[Date Prev][Date Next] [Thread Prev][Thread Next] [Date Index] [Thread Index]

Re: dependencies



"Joshua Haberman" <coughdropaddict@hotmail.com> wrote:
>I'm trying to make a deb for an X program. What I'd like to do is make two 
>version of the deb: one for people running unstable (already did this 
>successfully) and one that people running stable can use. I can't figure out 
>how to do the latter: I can't figure out how not to make the package depend 
>on version 4 of the X libraries. Is this possible?

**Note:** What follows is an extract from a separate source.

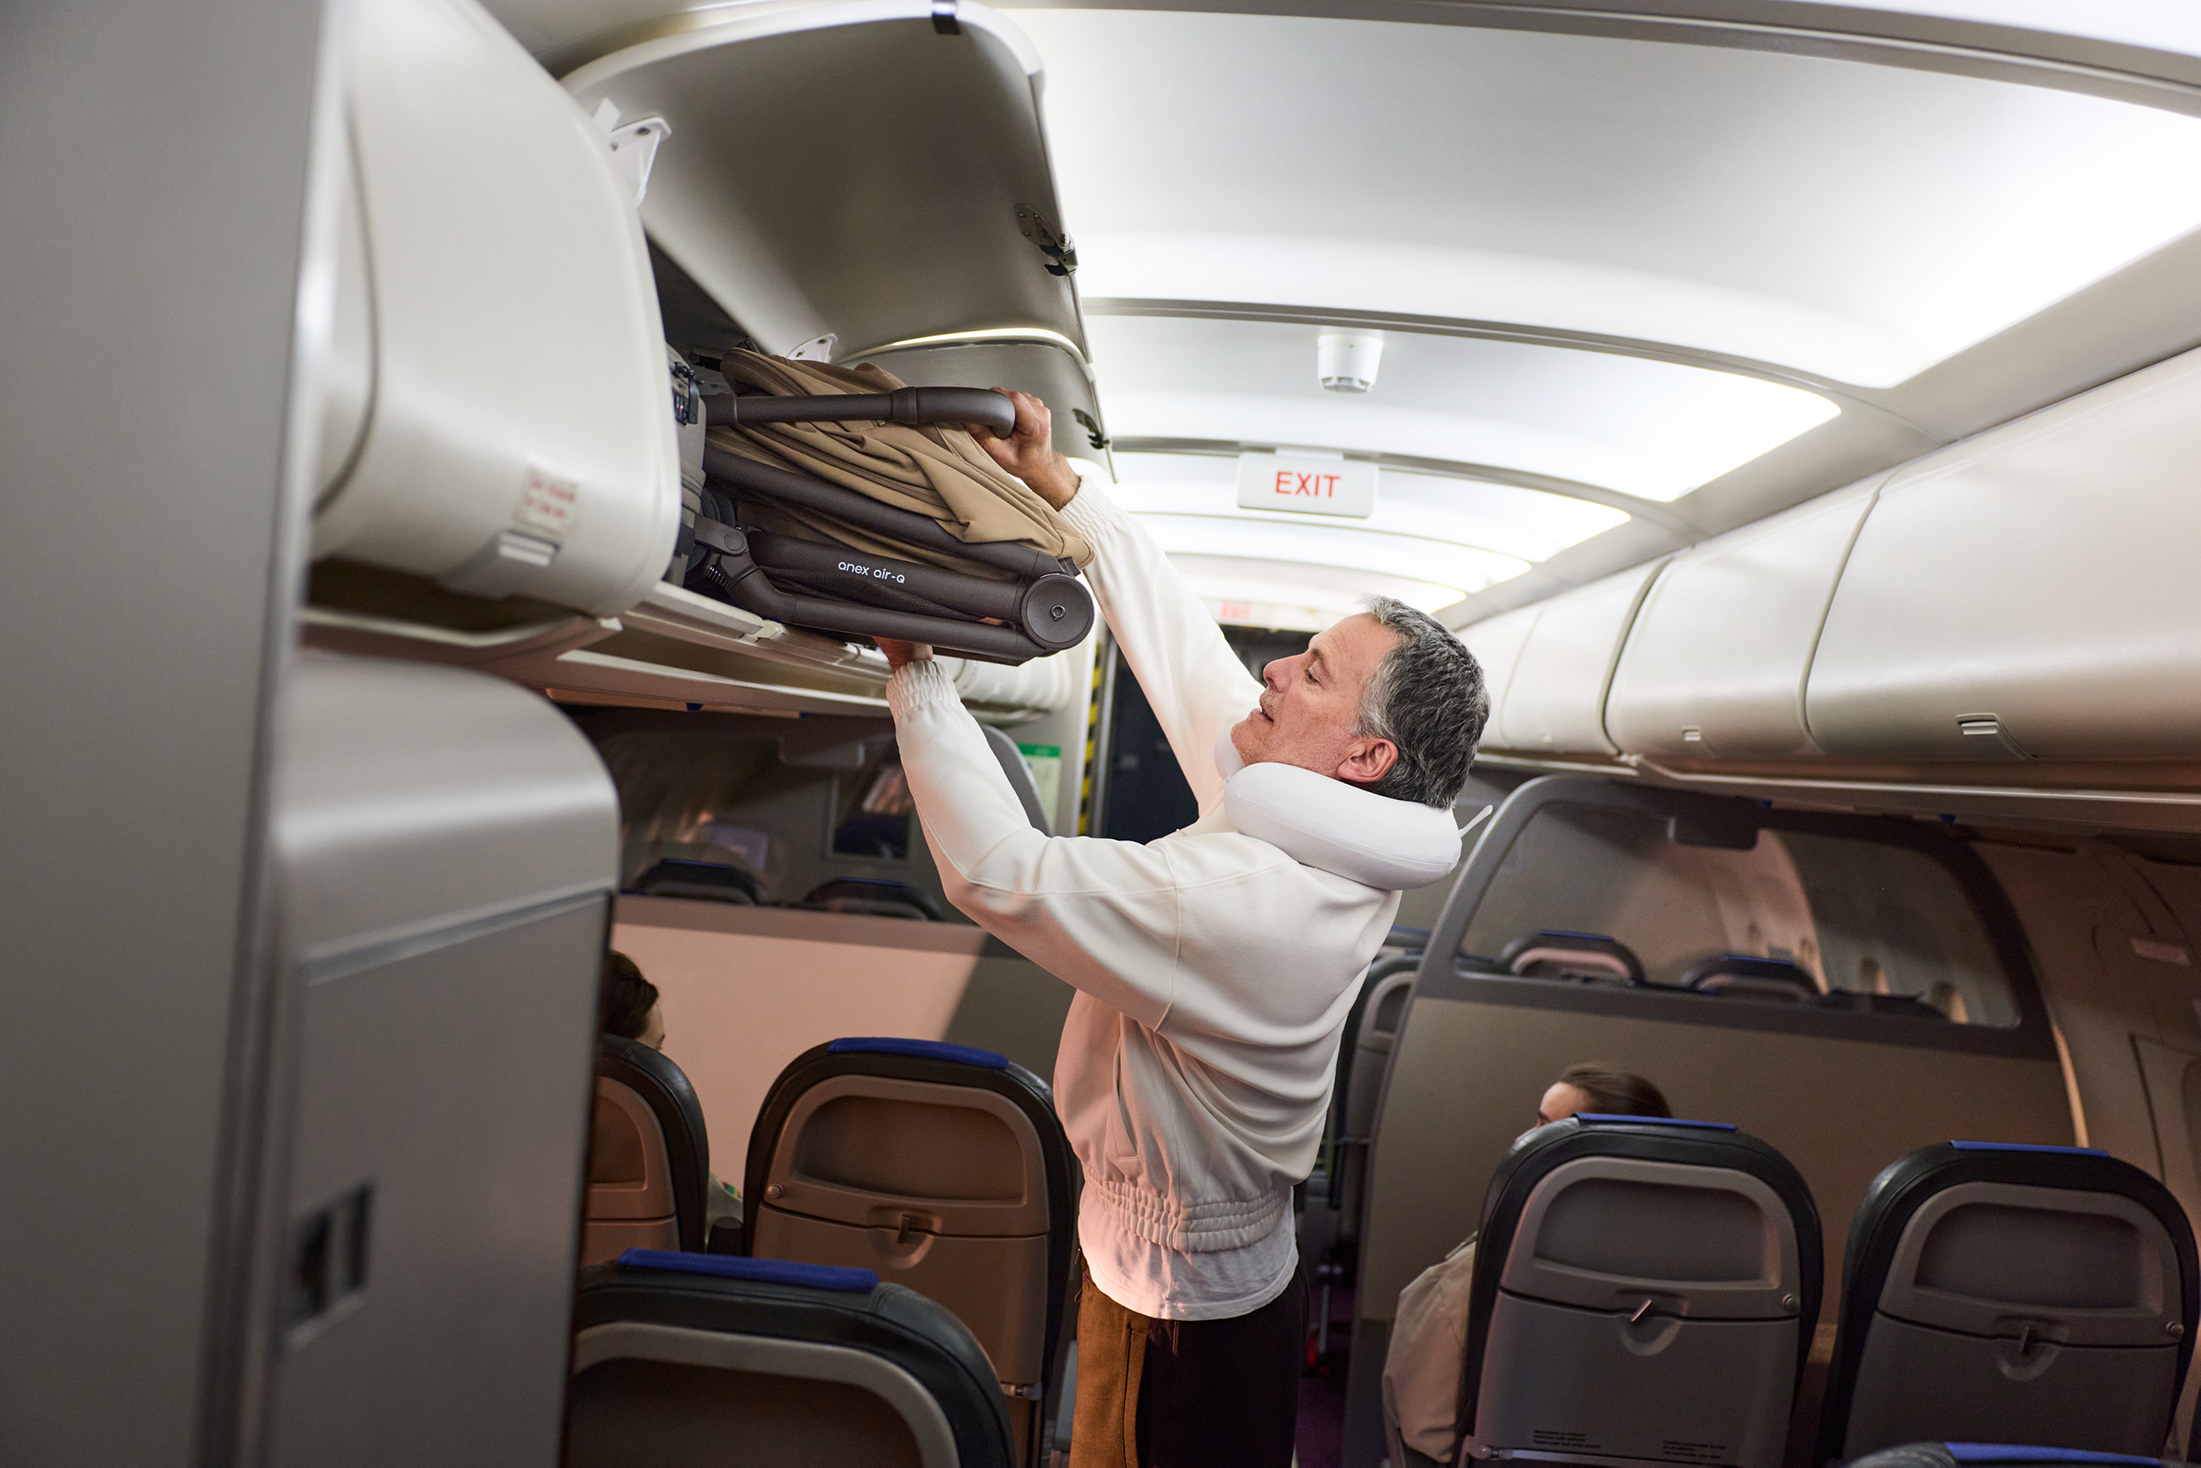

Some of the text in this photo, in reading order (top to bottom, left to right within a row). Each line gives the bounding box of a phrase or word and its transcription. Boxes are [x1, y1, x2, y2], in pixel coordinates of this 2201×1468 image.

[1275, 471, 1341, 498] EXIT
[838, 561, 905, 584] anex air-Q
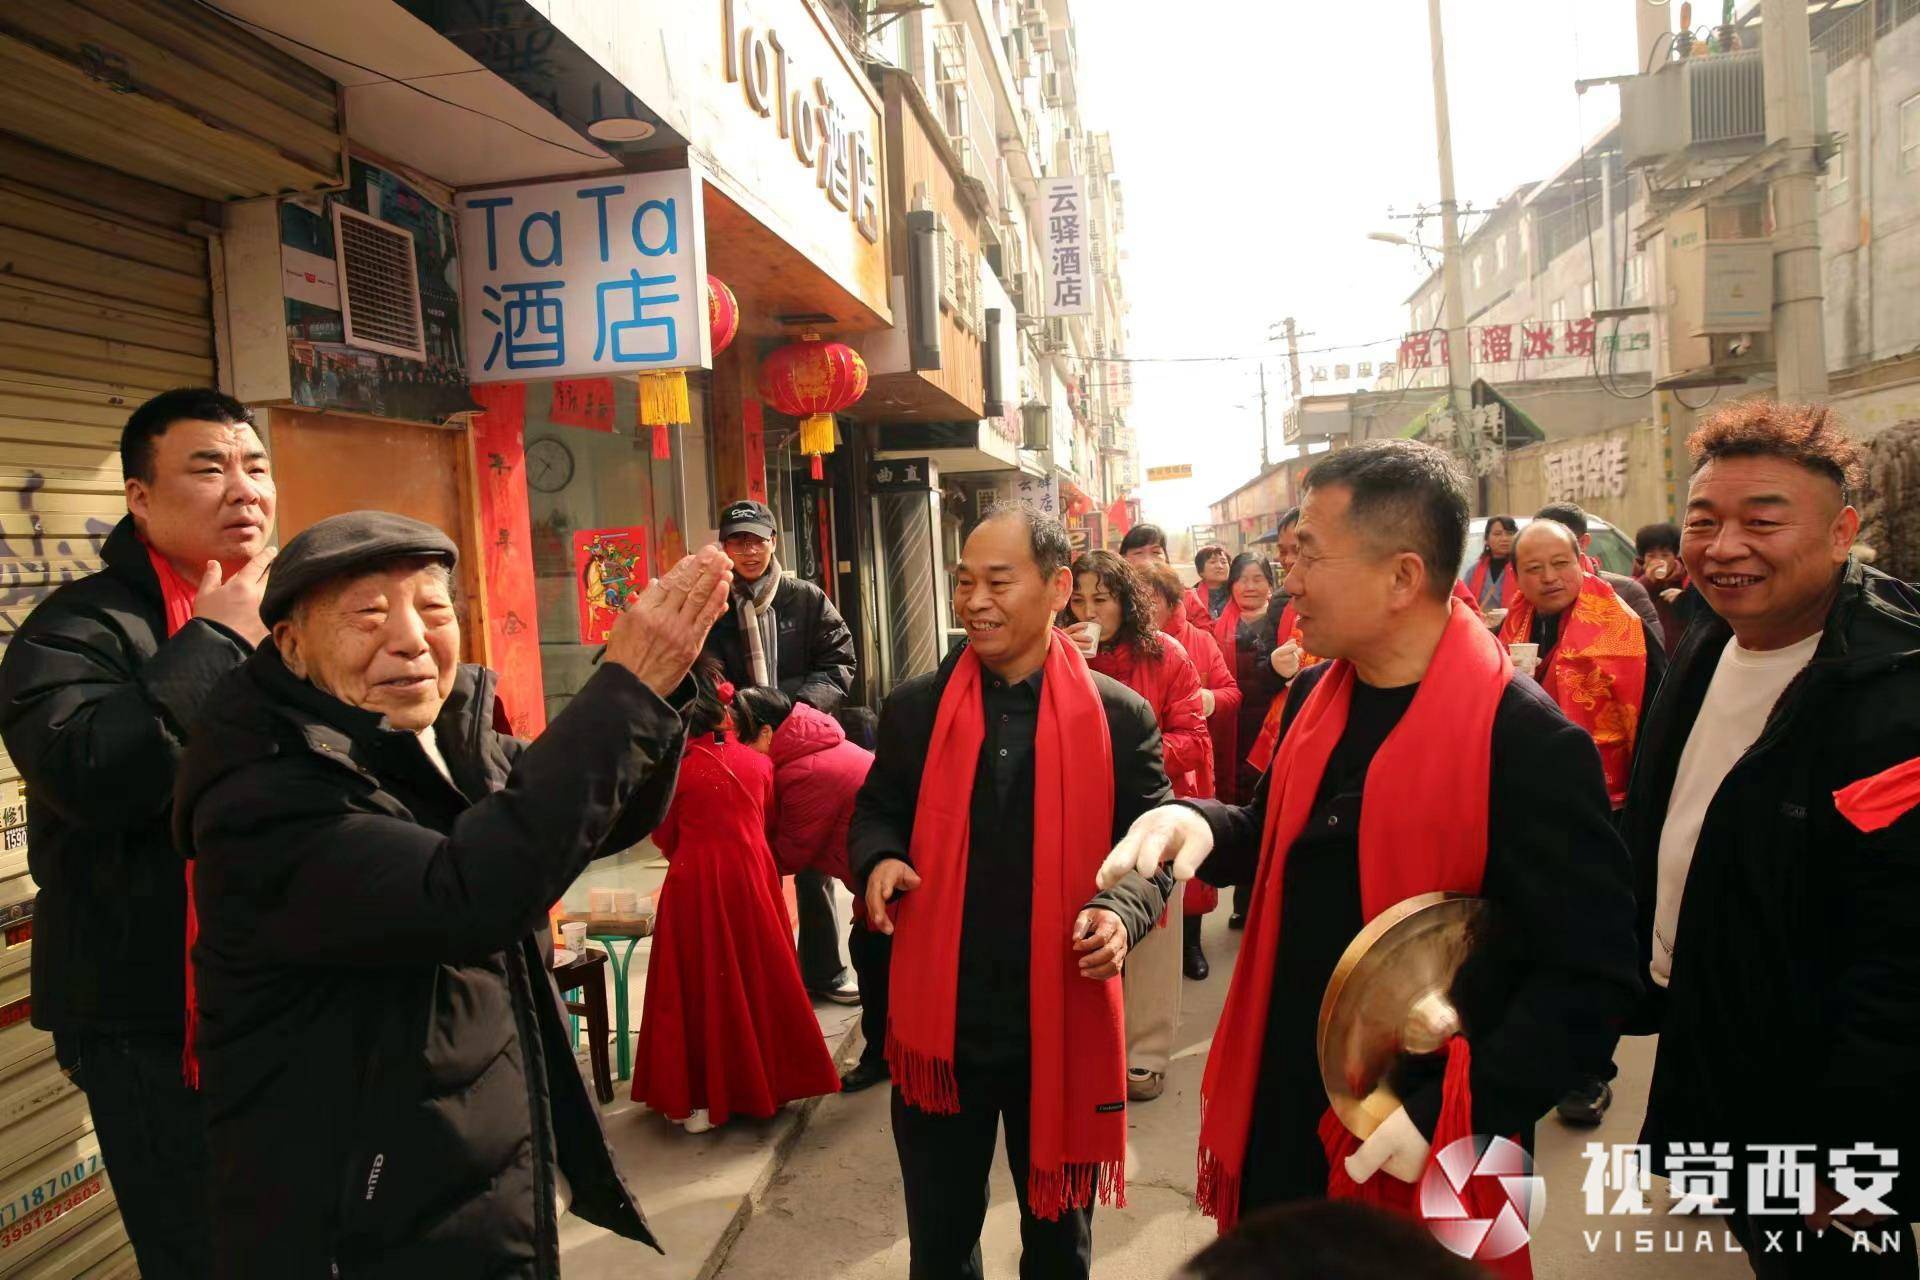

Yes, at least the latter part of your question. Add a
debian/shlibs.local file to your package that points the appropriate
libraries at xlib6g rather than xlibs. Section 12.2.5 of the packaging
manual has more details.

However, you'll probably end up depending on glibc2.2 anyway. The best
way to do this sort of thing is to create yourself a potato chroot,
since X packages built on potato will work on woody/sid. The steps are
something like this:

  * Grab base2_2.tgz from the appropriate disks-$ARCH tree in the potato
    archive.
  * Untar it somewhere, say /potato.
  * chroot /potato
  * In the chroot, edit /etc/hosts, /etc/resolv.conf, and
    /etc/apt/sources.list as appropriate for your machine.
  * dpkg --configure -a (can't remember if this is necessary, but it
    does no harm).
  * Update, then install the build-essential packages.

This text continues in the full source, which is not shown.